Juliette Touma, a spokesperson for the UNs Palestinian refugee agency, UNRWA, said on Tuesday that it had not been informed of any Israeli evacuation plan and was not a part of it.
“Where are you going to evacuate people to, as no place is safe across the Gaza Strip, the north is shattered, riddled with unexploded weapons, it’s pretty much unlivable,” she said.
“Enough is enough. Any further escalation would be absolutely apocalyptic.”
The United Nations “will not be party” to any forced displacement of Palestinians currently living in Rafah, the spokesman for Secretary-General Antonio Guterres said the previous day.
Netanyahu reportedly believes that, in the face of international pressure, Israel only has one month left to complete its operation in Rafah, aimed at dismantling the Hamas terror group’s remaining operational battalions in Gaza.

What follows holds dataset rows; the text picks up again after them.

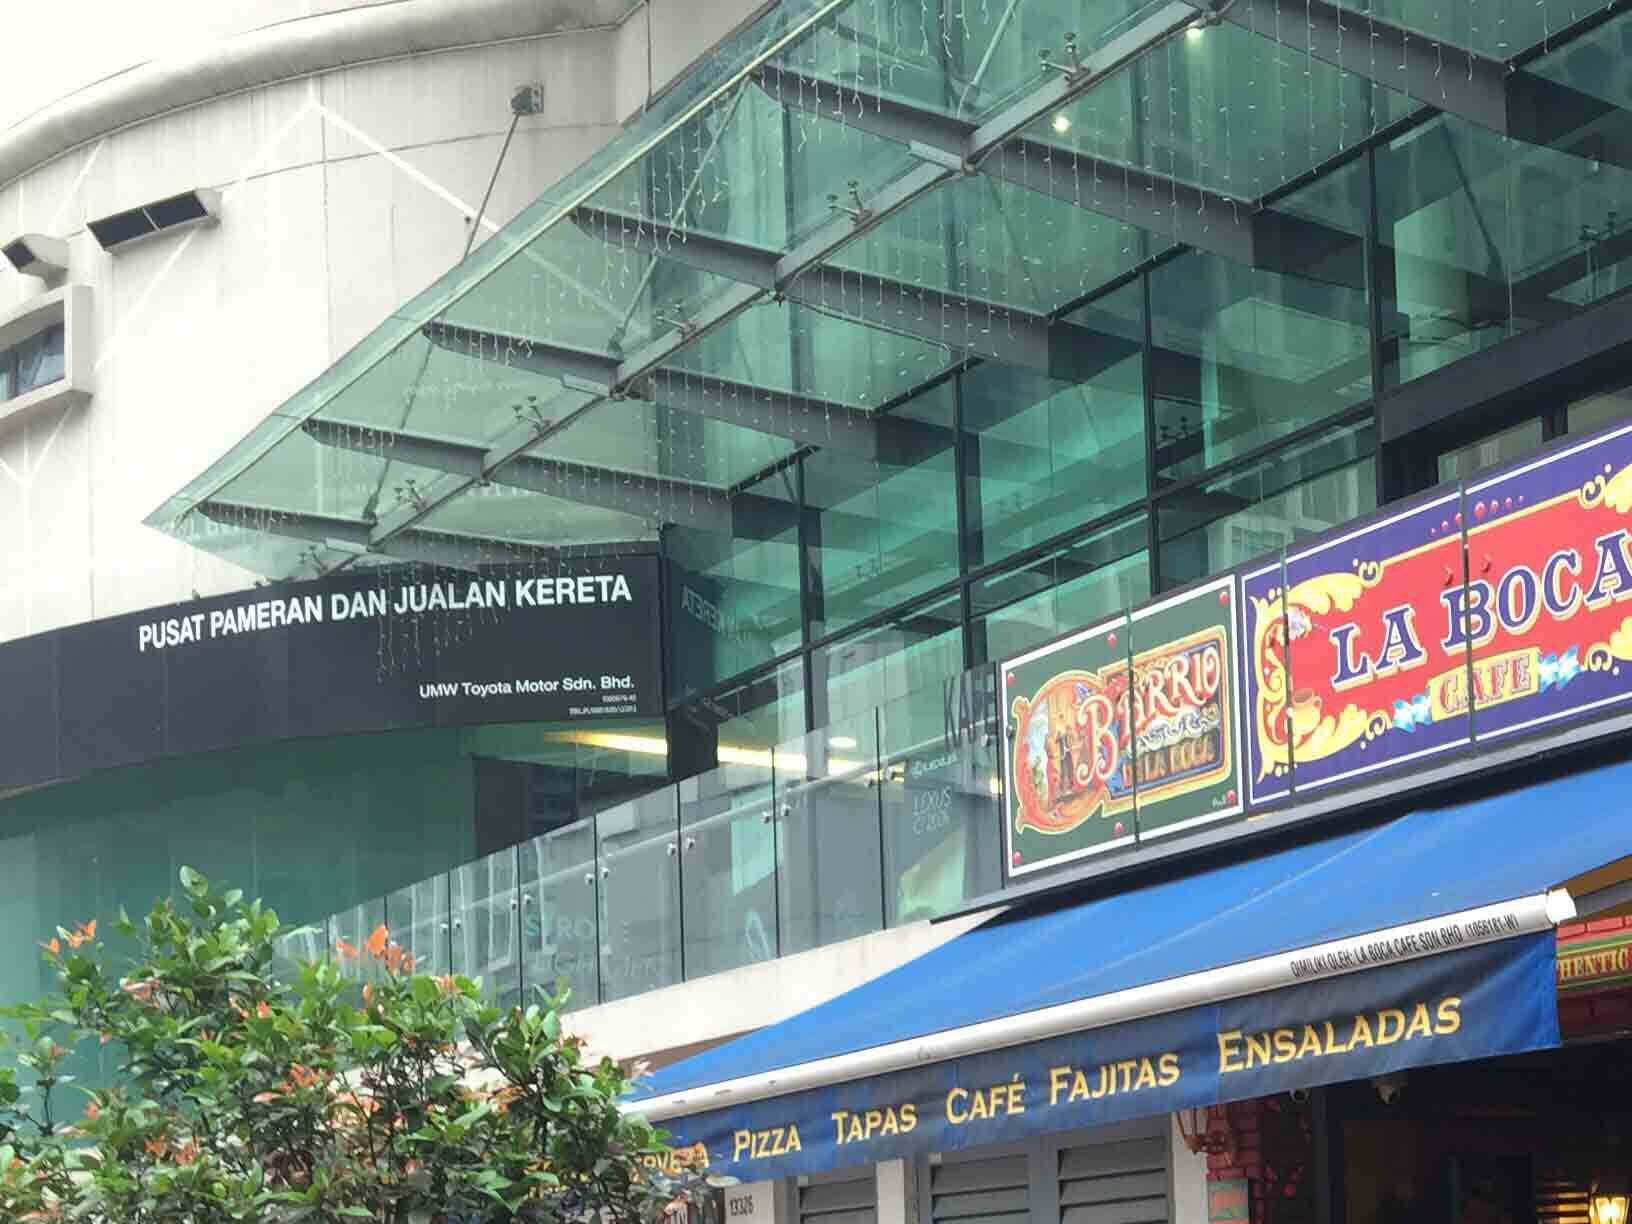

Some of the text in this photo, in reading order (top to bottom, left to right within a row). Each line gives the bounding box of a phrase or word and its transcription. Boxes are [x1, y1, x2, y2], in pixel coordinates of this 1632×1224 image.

[139, 575, 633, 651] PUSAT PAMERAN DAN JUALAN KERETA
[1328, 604, 1427, 692] LA
[419, 675, 635, 699] UMW Toyota Motor Sdn. Bhd.
[1075, 646, 1220, 785] BARRIO
[1440, 653, 1531, 714] CAFE
[1394, 934, 1420, 957] CAFE
[1558, 947, 1630, 982] HENTIC
[733, 1124, 802, 1163] PIZZA
[831, 1103, 918, 1146] TAPAS
[945, 1073, 1026, 1125] CAFÉ
[1049, 1052, 1182, 1105] FAJITAS
[1217, 997, 1463, 1073] ENSALADAS

According to a Channel 12 news report, the prime minister recently told the small war cabinet that the operation will need to be completed before the Muslim holy month of Ramadan, which begins around March 10.

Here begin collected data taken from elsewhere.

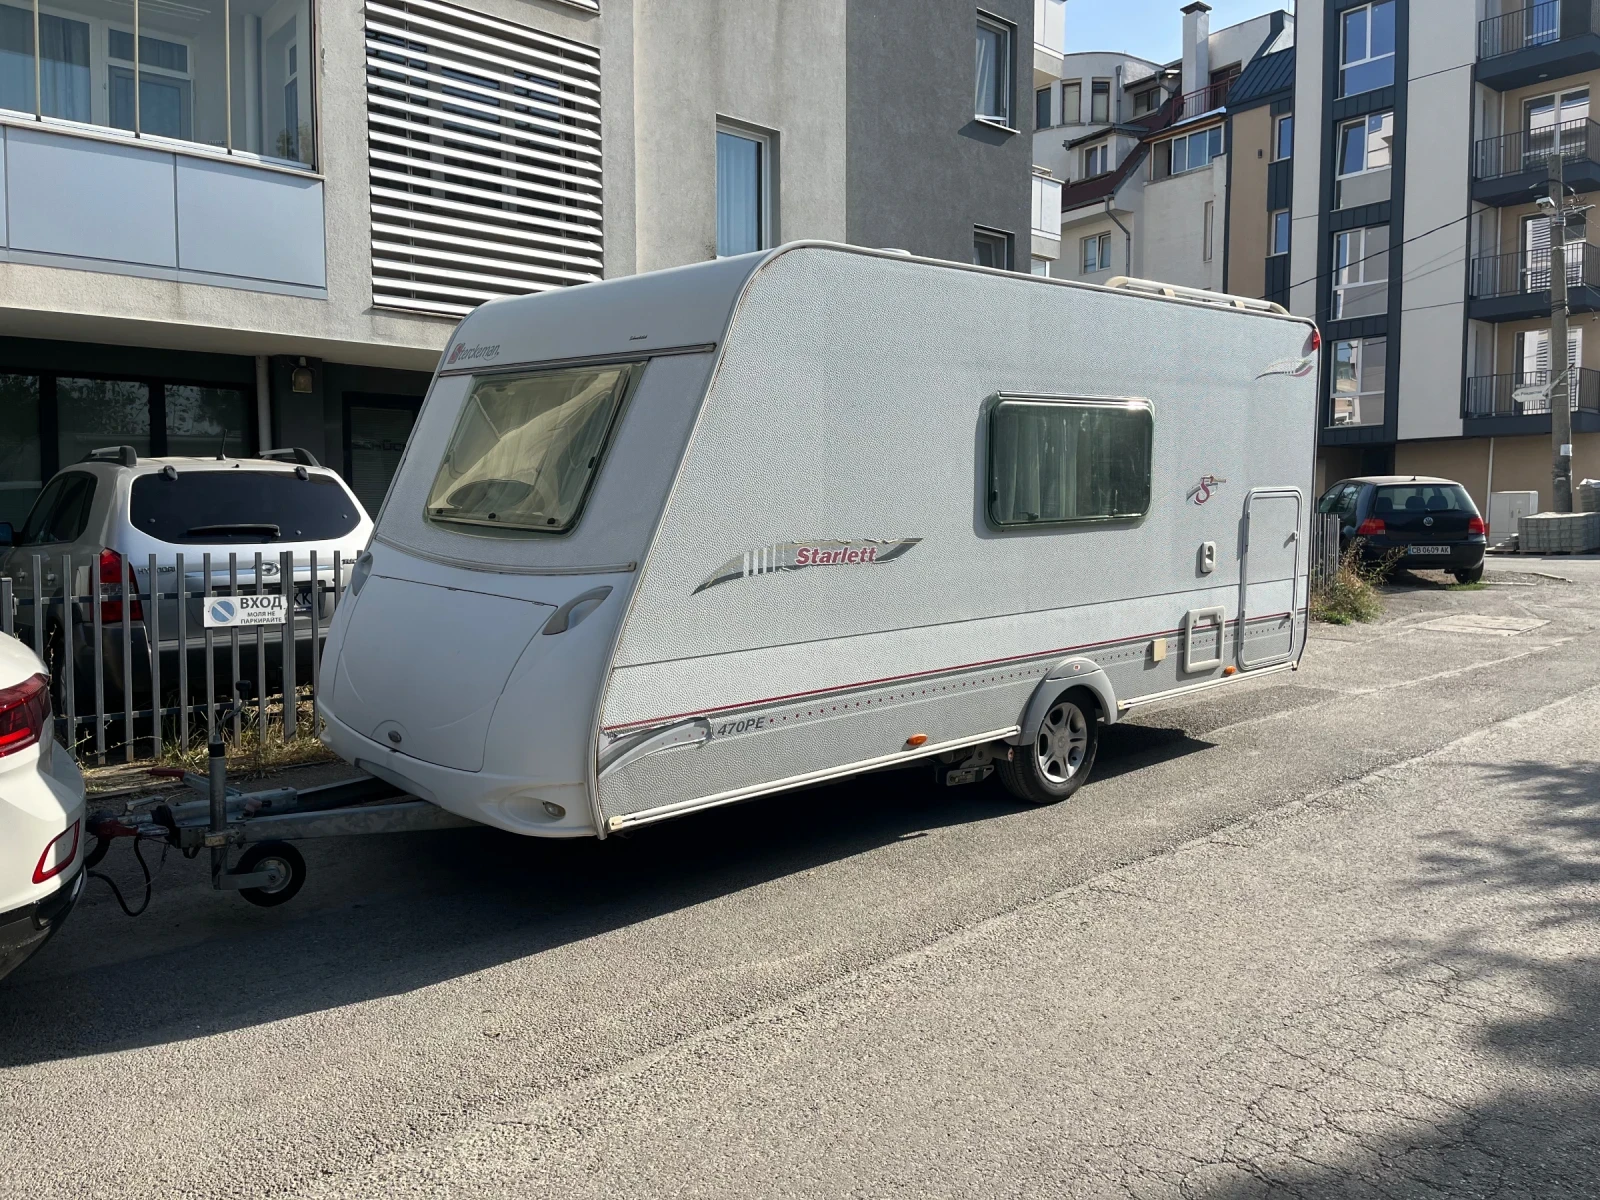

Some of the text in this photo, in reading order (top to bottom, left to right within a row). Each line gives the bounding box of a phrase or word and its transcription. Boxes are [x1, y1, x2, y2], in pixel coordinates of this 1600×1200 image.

[795, 546, 877, 565] Starlett
[1411, 546, 1449, 554] CB 0609 AK
[137, 566, 176, 574] HYNDAI
[240, 596, 283, 610] ВХОД
[717, 716, 765, 735] 470PE

Last week, the Prime Minister’s Office announced that Netanyahu had directed the IDF to draft a plan for evacuating the civilians in Rafah so that the operation could move forward.
The PMO announcement came amid US warnings that Israel has not conducted the pre-operational planning necessary to ensure that civilians will be kept out of harm’s way and that failure to do so risks “disaster.”
On Tuesday German Foreign Minister Annalena Baerbock, who will visit Israel on Wednesday, voiced concern about the looming offensive. She said Israel had the right to defend itself against terrorism, but this did not mean the expulsion of the population.
The Canadian and British foreign ministers also expressed concern over a Rafah operation on Monday.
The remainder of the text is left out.